As the state mandated deadline passed last week requiring all health care workers to be vaccinated against COVID-19, Gov. Kathy Hochul defended the decision as “the right thing to do.”
“I will stand with that,” she said during a media briefing last Thursday, three days after the deadline went into effect at the end of the day Sept. 27. “It was hard to do though. It’s hard to force people to do something that you truly wish they would do voluntarily.”
Overall vaccination rates among hospital staff climbed by 15% from Aug. 24 to Sept. 28, at which point about 92% of statewide hospital staff met the deadline with at least one shot.
“You will see that number go higher quickly,” the governor said.
Ms. Hochul thanked the health care workers who decided to get the shot, particularly those who were nervous and anxious and just recently got it.
“I thank you for doing what is right,” she said. “I thank you for caring about the people that look to you for their health care, their lives, the attention you give them. This is truly a profession that I have such respect for, particularly after seeing what they did last year starting in March 2020.”
Prior to the deadline, the governor outlined plans to address potential shortfalls in staff, such as deploying the National Guard, which she said was not necessary. The plans also included bringing in student nurses and recent retirees whose licenses have since lapsed.
The state also launched a 24/7 operation center to monitor and troubleshoot staffing shortages.
“We found that not a single health care facility reported being closed since the mandate went into effect,” Ms. Hochul said.
The governor said the operation center will remain running as the state awaits a court decision on religious exemptions to the vaccine mandate. She said she “feels very confident” that state will win in court.
Northwell Health, the largest health care provider in New York, terminated 1,400 employees as of Monday, a spokesperson confirmed, and added that they have not provided site-specific numbers, such as for Riverhead’s Peconic Bay Medical Center.
“Northwell regrets losing any employee under such circumstances, but as health care professionals and members of the largest health care provider in the state, we understand our unique responsibility to protect the health of our patients and each other,” a statement Monday from Northwell said.
Northwell is now “100 percent vaccinated,” it said Monday, after reporting last week that “most team members are opting to be vaccinated so as to avoid being terminated.”
The process had no impact on quality of care, Northwell’s statement said.
“Northwell believes that having a fully vaccinated workforce is an important measure in our duty to protect the health and safety of our staff, our patients and the communities we serve,” the statement said.
Stony Brook Medicine allowed employees who were not vaccinated by the deadline to face suspension first rather than immediate termination.

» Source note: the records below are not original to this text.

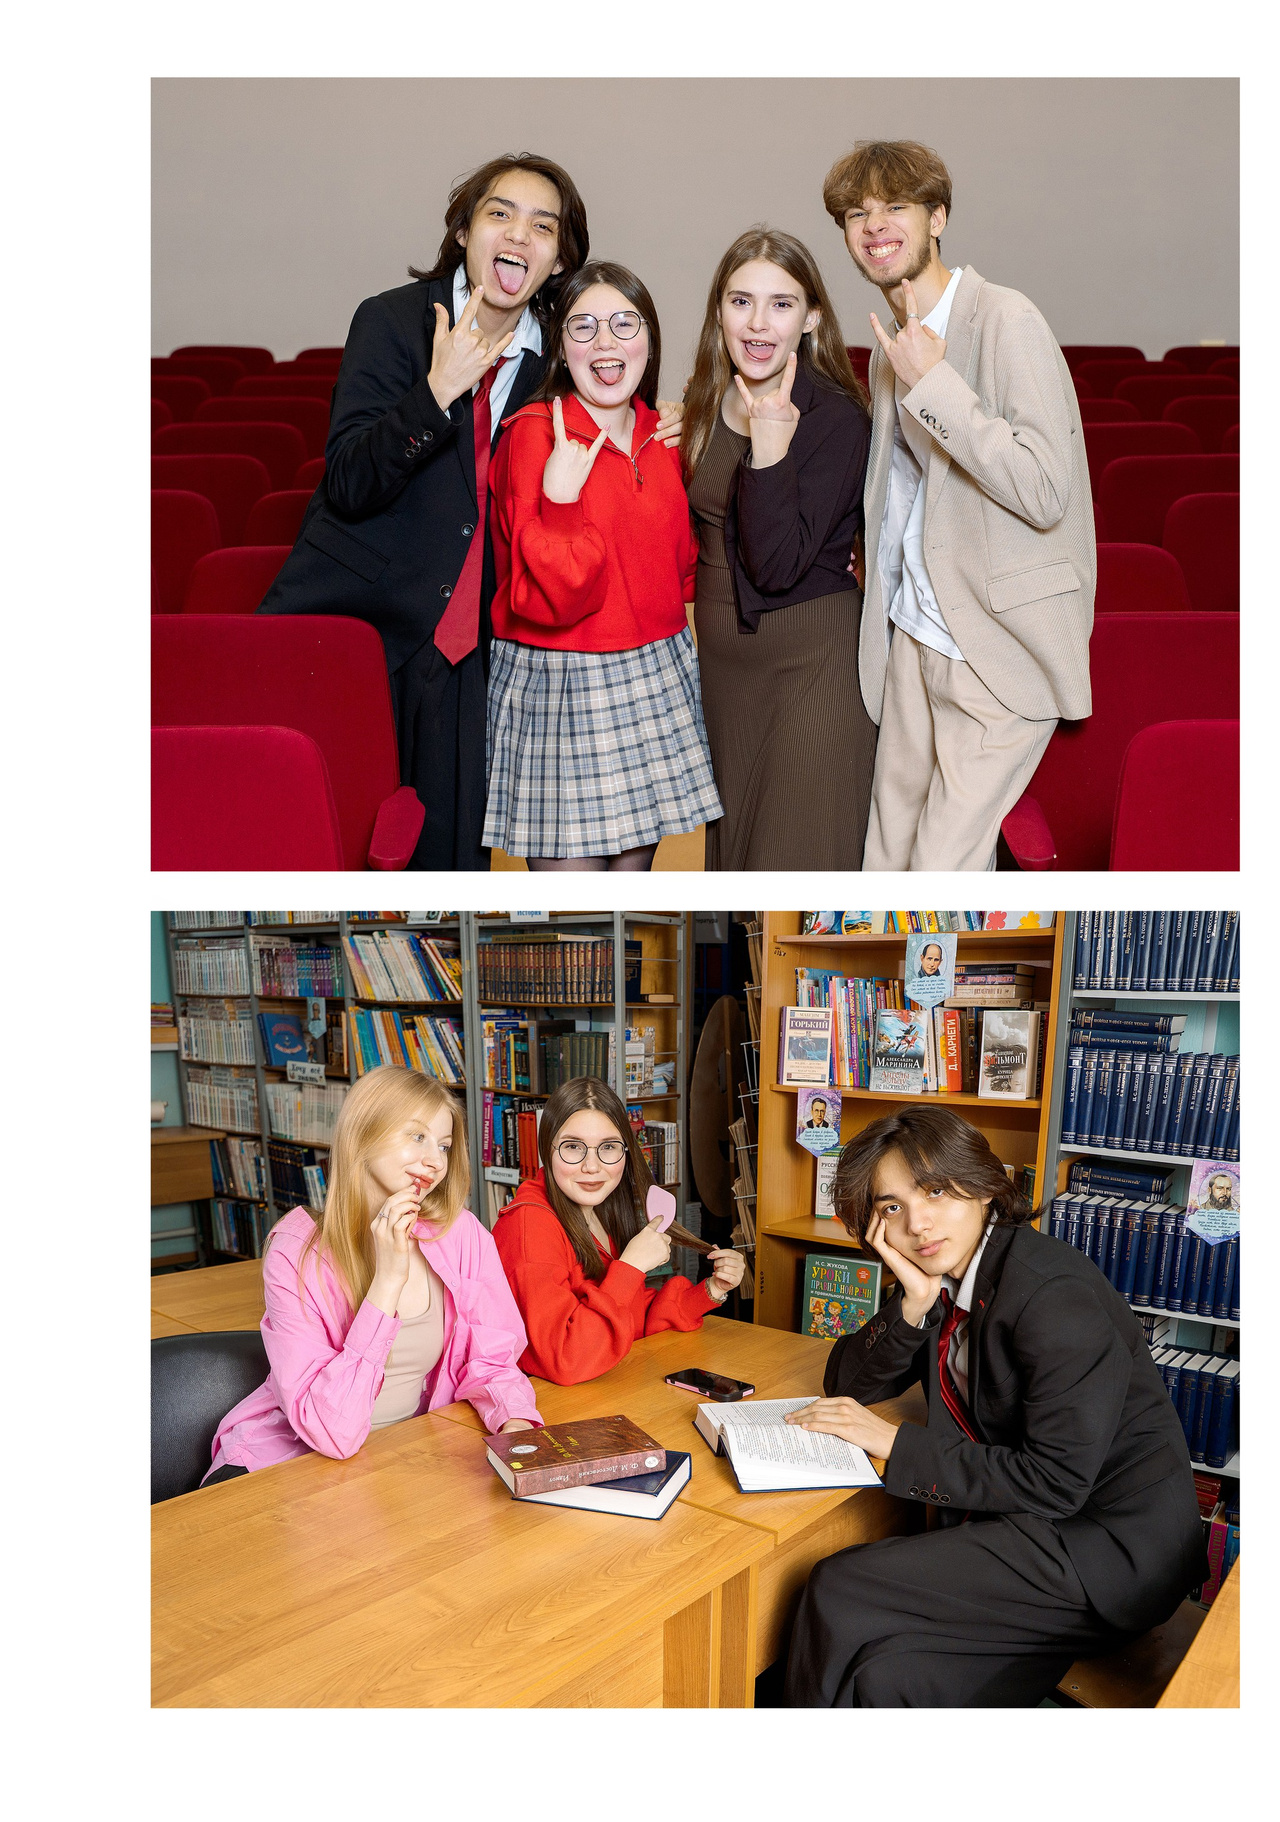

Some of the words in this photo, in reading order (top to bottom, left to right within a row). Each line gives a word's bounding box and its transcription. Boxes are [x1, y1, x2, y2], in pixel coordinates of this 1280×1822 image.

[790, 1020, 829, 1030] ГОРЬКИЙ
[876, 1056, 921, 1070] МАРИНИНА
[812, 1266, 850, 1284] УРОКИ
[811, 1279, 854, 1295] ПРАВИЛЬНОЙ
[854, 1287, 872, 1299] РЕЧИ
[579, 1465, 617, 1477] Достоевский
[549, 1475, 569, 1483] Идиот

At Stony Brook Southampton Hospital, 14 full-time employees were suspended without pay for non-compliance with the state guidelines as of last Thursday, according hospital officials. Those employees may return to full-time work with proof of vaccination within 30 days of face termination with cause, the officials said.
“Currently, three of our outpatient sites have temporarily reduced some hours and all will resume a full schedule very shortly,” the officials said.
More than 98% of the hospital’s full-time workforce has met the deadline and 100% of the hospital’s physicians have met the deadline.
“Our staff is committed to the safety and well-being of our patients and community as we continue to provide the highest level of medical care and offer all hospital services and programs,” the officials said.
Stony Brook Eastern Long Island Hospital in Greenport reported similar vaccination rates with 98% of staff vaccinated and 100% of medical staff vaccinated.
“Our leadership is actively working with staff on our contingency plans to continue to provide a safe environment,” a statement from Stony Brook ELIH officials said. “We are optimizing preparedness and will make staffing adjustments as necessary.”
Officials said the hospital has worked hard over the past weeks and months “to educate and encourage every member of our Stony Brook Eastern Long Island Hospital family to get vaccinated against COVID-19, to protect our patients, employees and community. Our employee health department was readily available for anyone who wanted to get vaccinated along with multiple on-site vaccine PODS.”
The vaccine mandate has faced criticism, including from Congressman Lee Zeldin (R-Shirley), who is running for governor in 2022. The congressman hosted a press conference last Monday in Hauppauge on the day of the deadline to oppose the mandate.
Mr. Zeldin, who is vaccinated, has been outspoken against any COVID-19 vaccine mandates. He said employees who did not wish to be vaccinated could instead by subject to enhanced personal protective equipment and testing requirements.
“Our health care workers were nothing short of heroic the past 18 months,” he said. “Regardless of the uncertainty, lack of PPE and other essential resources at times, gruelingly long hours and pain, suffering, and death around them, they rose to the challenge over and over again. They helped us navigate some of the pandemic’s darkest days and saved lives. We shouldn’t be firing these essential workers. We should be thanking them for all they’ve done for our communities.”